---- INFORMATION PROVIDED
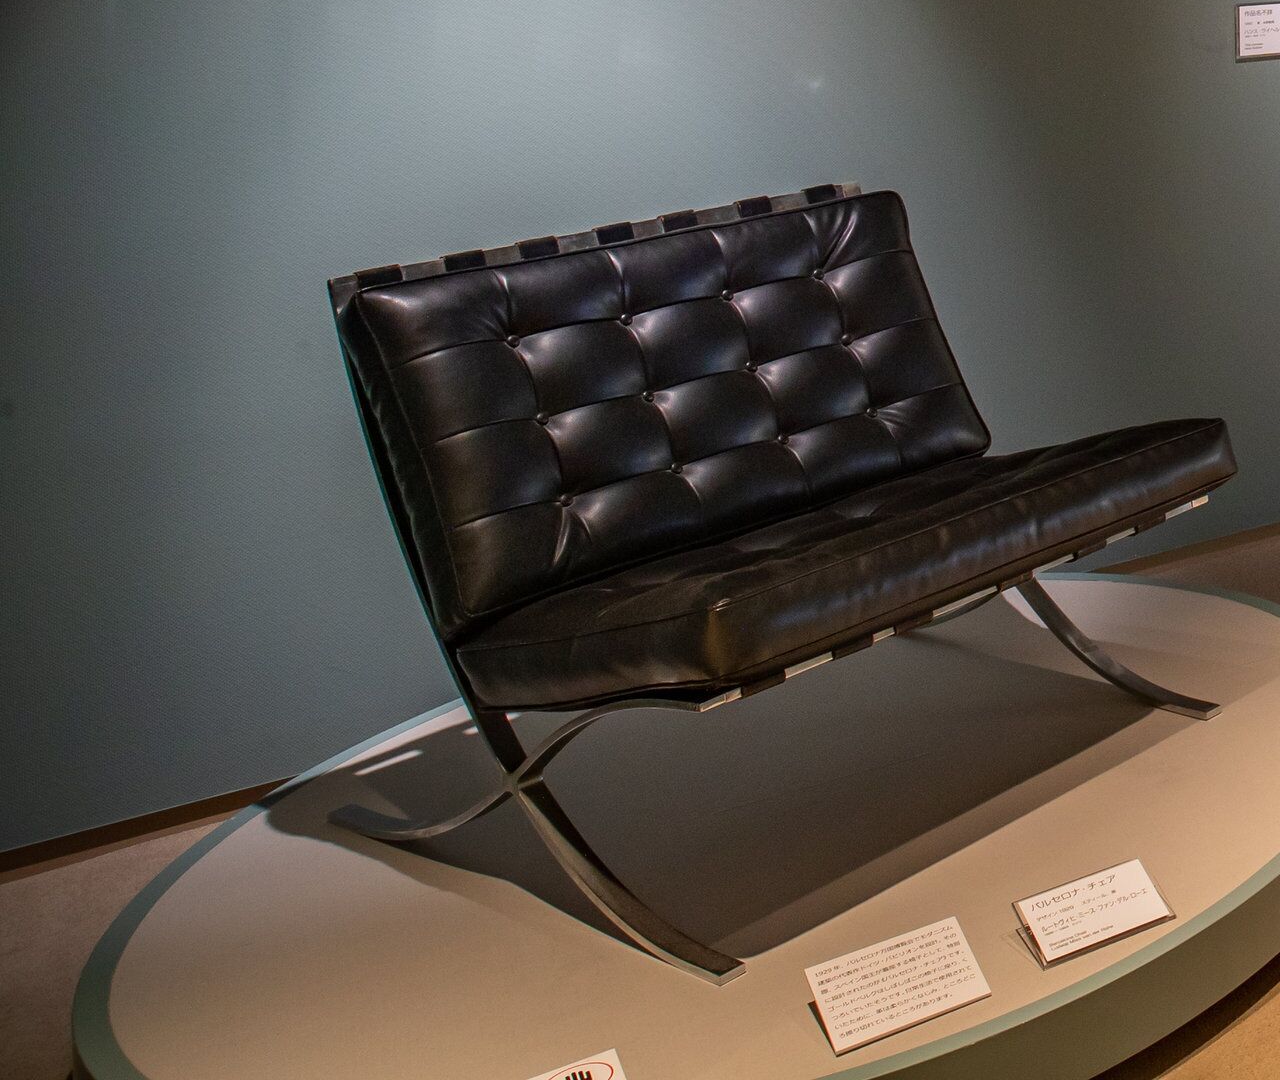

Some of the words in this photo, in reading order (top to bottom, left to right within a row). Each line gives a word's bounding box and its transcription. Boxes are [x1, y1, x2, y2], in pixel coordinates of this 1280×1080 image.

[1031, 874, 1117, 912] バルセロナ・チェア
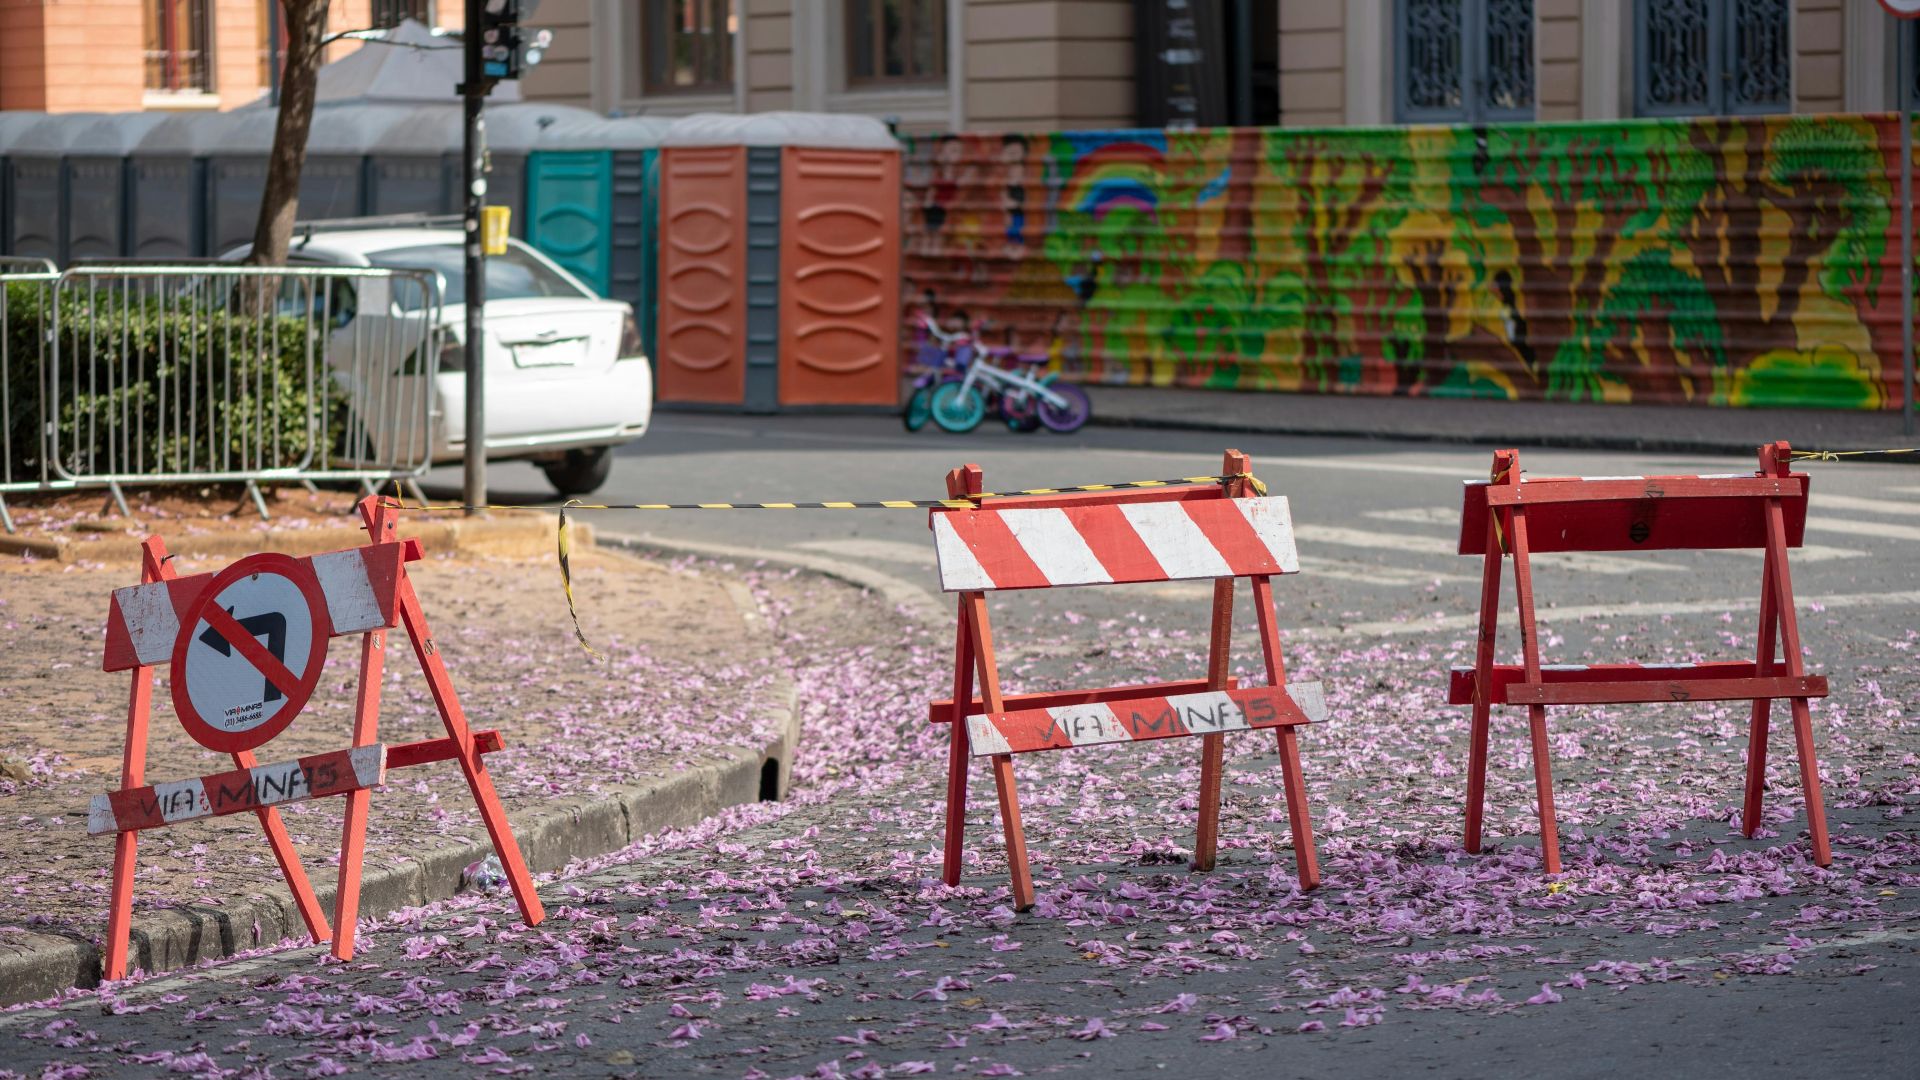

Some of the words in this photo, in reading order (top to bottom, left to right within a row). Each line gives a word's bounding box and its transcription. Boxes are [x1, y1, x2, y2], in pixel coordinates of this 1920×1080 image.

[1037, 714, 1103, 742] VIA
[1132, 697, 1278, 735] MINAS
[139, 788, 194, 817] VIA
[216, 761, 339, 808] MINAS
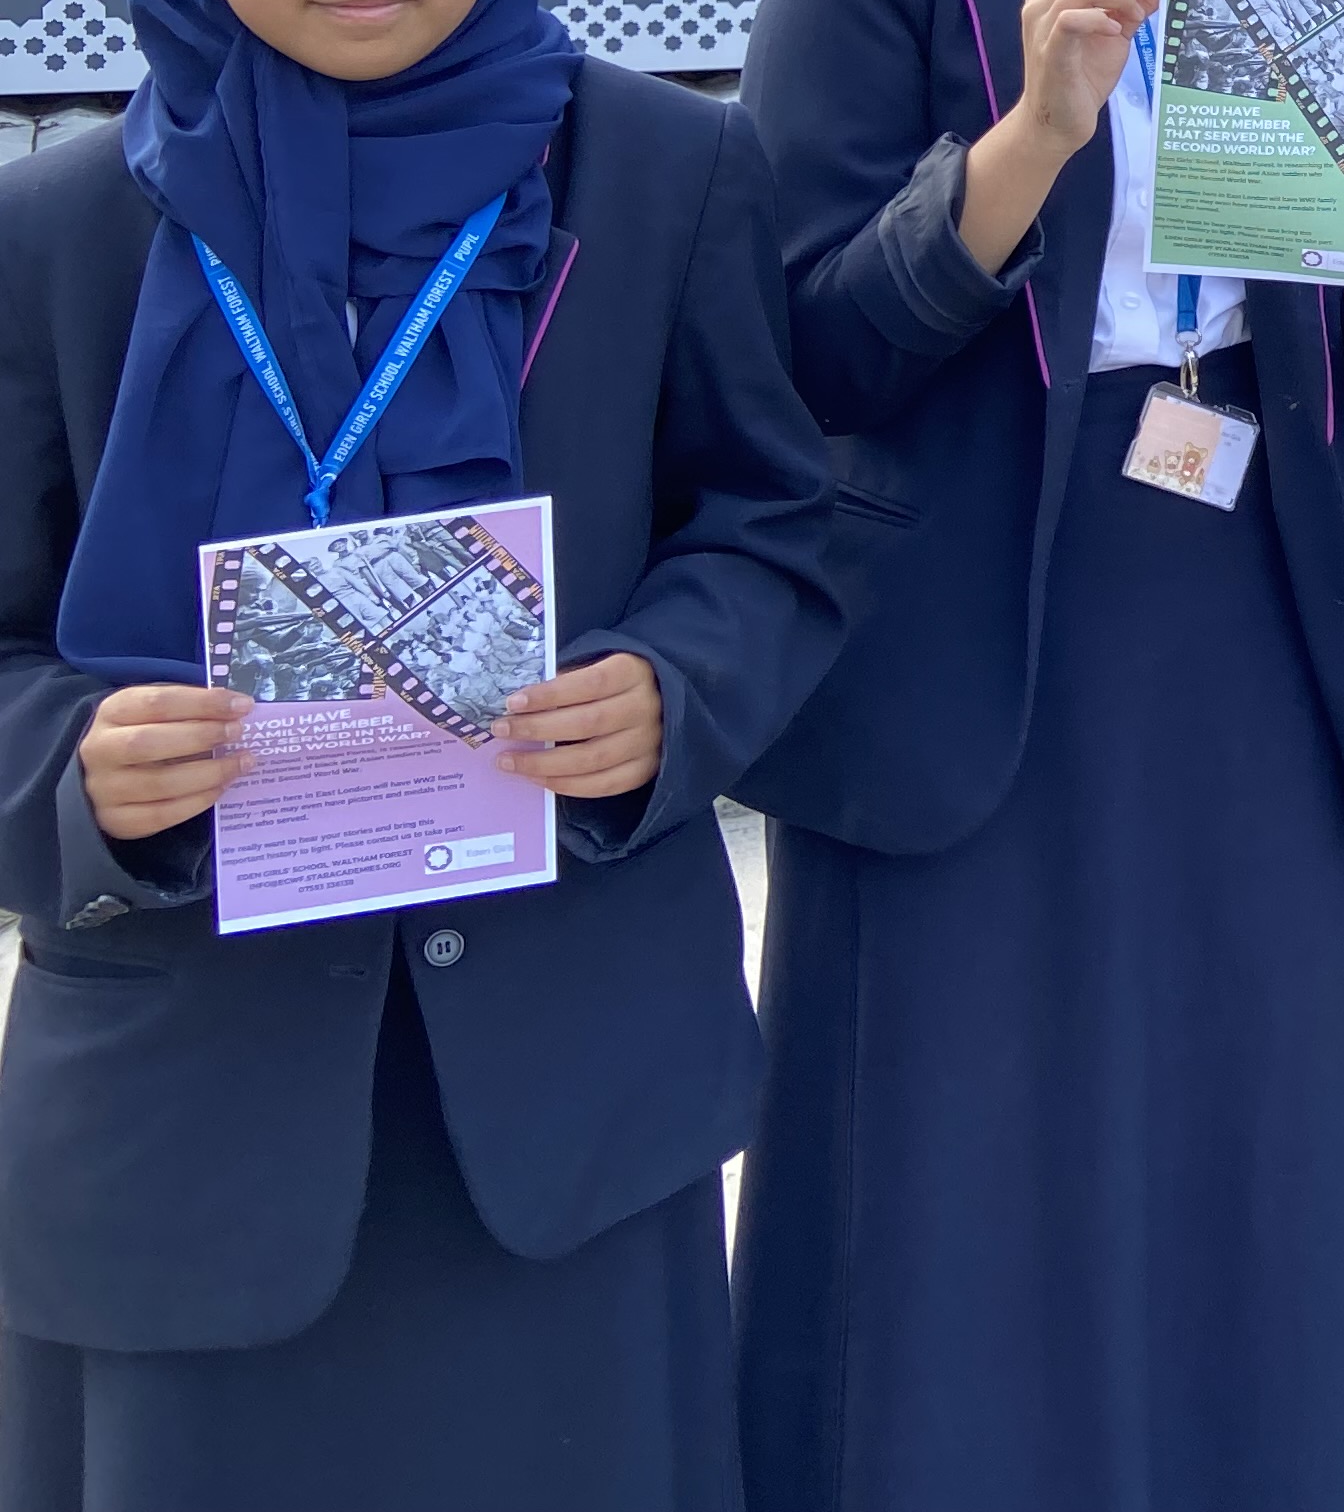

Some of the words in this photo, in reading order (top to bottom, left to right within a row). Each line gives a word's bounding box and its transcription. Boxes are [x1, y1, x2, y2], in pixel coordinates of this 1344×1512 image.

[1166, 104, 1187, 114] DO
[1190, 105, 1219, 115] YOU
[1222, 107, 1260, 116] HAVE
[1165, 117, 1175, 126] A
[1179, 118, 1230, 129] FAMILY
[1232, 119, 1290, 129] MEMBER
[1164, 129, 1201, 139] THAT
[1203, 131, 1258, 142] SERVED
[1262, 132, 1275, 142] IN
[1278, 133, 1304, 143] THE
[1163, 141, 1221, 153] SECOND
[1224, 144, 1274, 155] WORLD
[1277, 146, 1315, 156] WAR?
[217, 276, 245, 315] FOREST
[235, 313, 267, 363] WALTHAM
[333, 434, 357, 463] EDEN
[370, 360, 405, 401] SCHOOL,
[395, 308, 433, 358] WALTHAM
[423, 269, 455, 309] FOREST
[454, 233, 479, 261] PUPIL
[242, 725, 307, 740] FAMILY
[309, 714, 394, 735] MEMBER
[251, 716, 294, 731] YOU
[300, 708, 351, 724] HAVE
[275, 730, 351, 744] SERVED
[355, 727, 372, 737] IN
[375, 724, 414, 735] THE
[306, 737, 374, 750] WORLD
[378, 731, 431, 742] WAR?
[220, 800, 243, 810] Many
[246, 796, 281, 807] families
[283, 794, 302, 803] here
[304, 791, 313, 800] in
[315, 789, 335, 798] East
[338, 785, 371, 796] London
[373, 782, 388, 791] will
[390, 780, 411, 789] have
[413, 777, 436, 786] WW2
[438, 773, 463, 784] family
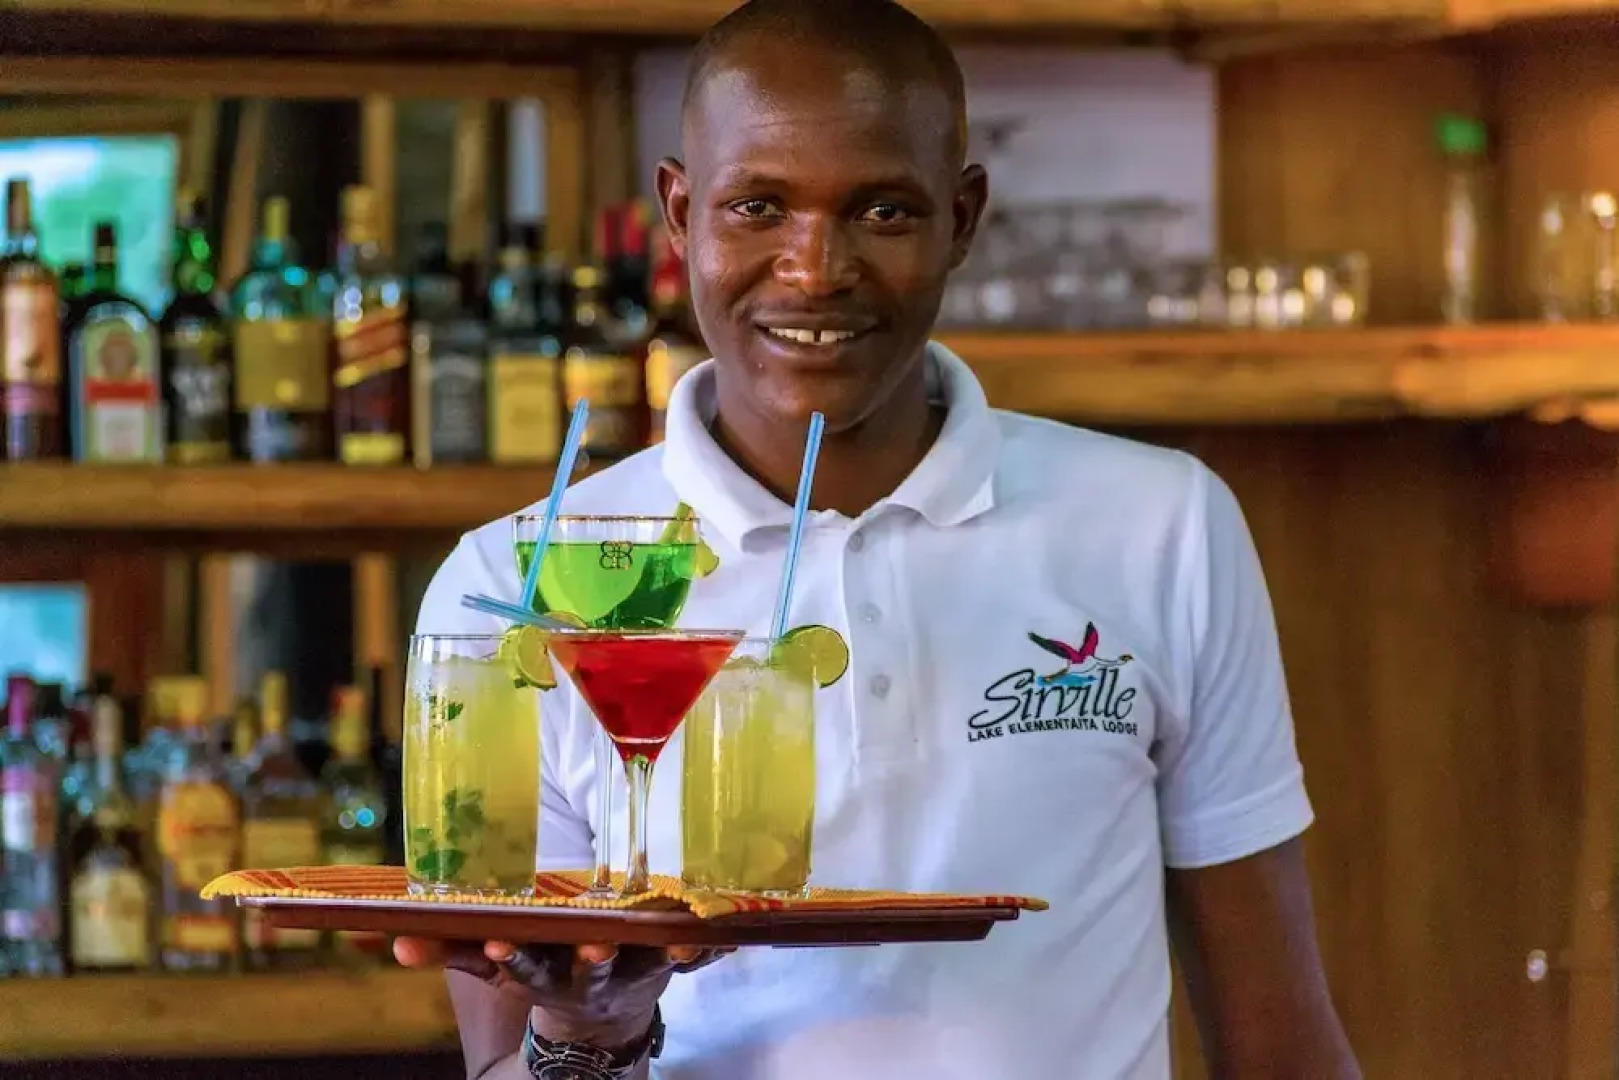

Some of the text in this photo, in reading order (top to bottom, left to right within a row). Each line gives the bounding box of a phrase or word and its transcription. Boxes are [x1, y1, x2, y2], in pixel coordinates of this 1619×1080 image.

[968, 667, 1136, 729] Sirville
[968, 719, 1138, 742] LAKE ELEMENTAITA LODGE
--------
Return all of the records above exactly as written. Omit each picture.

- **YOUR RESPONSE**:
Some of the words in this photo, in reading order (top to bottom, left to right within a row). Each line gives a word's bounding box and its transcription. Boxes are [x1, y1, x2, y2], in pixel coordinates of this 1280×1080 image.

[1031, 874, 1117, 912] バルセロナ・チェア

Some of the words in this photo, in reading order (top to bottom, left to right within a row). Each line gives a word's bounding box and its transcription. Boxes are [x1, y1, x2, y2], in pixel coordinates of this 1920×1080 image.

[1037, 714, 1103, 742] VIA
[1132, 697, 1278, 735] MINAS
[139, 788, 194, 817] VIA
[216, 761, 339, 808] MINAS

Some of the words in this photo, in reading order (top to bottom, left to right within a row). Each line gives a word's bounding box and its transcription. Boxes are [x1, y1, x2, y2], in pixel coordinates of this 1344×1512 image.

[1166, 104, 1187, 114] DO
[1190, 105, 1219, 115] YOU
[1222, 107, 1260, 116] HAVE
[1165, 117, 1175, 126] A
[1179, 118, 1230, 129] FAMILY
[1232, 119, 1290, 129] MEMBER
[1164, 129, 1201, 139] THAT
[1203, 131, 1258, 142] SERVED
[1262, 132, 1275, 142] IN
[1278, 133, 1304, 143] THE
[1163, 141, 1221, 153] SECOND
[1224, 144, 1274, 155] WORLD
[1277, 146, 1315, 156] WAR?
[217, 276, 245, 315] FOREST
[235, 313, 267, 363] WALTHAM
[333, 434, 357, 463] EDEN
[370, 360, 405, 401] SCHOOL,
[395, 308, 433, 358] WALTHAM
[423, 269, 455, 309] FOREST
[454, 233, 479, 261] PUPIL
[242, 725, 307, 740] FAMILY
[309, 714, 394, 735] MEMBER
[251, 716, 294, 731] YOU
[300, 708, 351, 724] HAVE
[275, 730, 351, 744] SERVED
[355, 727, 372, 737] IN
[375, 724, 414, 735] THE
[306, 737, 374, 750] WORLD
[378, 731, 431, 742] WAR?
[220, 800, 243, 810] Many
[246, 796, 281, 807] families
[283, 794, 302, 803] here
[304, 791, 313, 800] in
[315, 789, 335, 798] East
[338, 785, 371, 796] London
[373, 782, 388, 791] will
[390, 780, 411, 789] have
[413, 777, 436, 786] WW2
[438, 773, 463, 784] family

Some of the text in this photo, in reading order (top to bottom, left to right within a row). Each line gives the bounding box of a phrase or word and its transcription. Boxes are [x1, y1, x2, y2], in pixel coordinates of this 1619×1080 image.

[968, 667, 1136, 729] Sirville
[968, 719, 1138, 742] LAKE ELEMENTAITA LODGE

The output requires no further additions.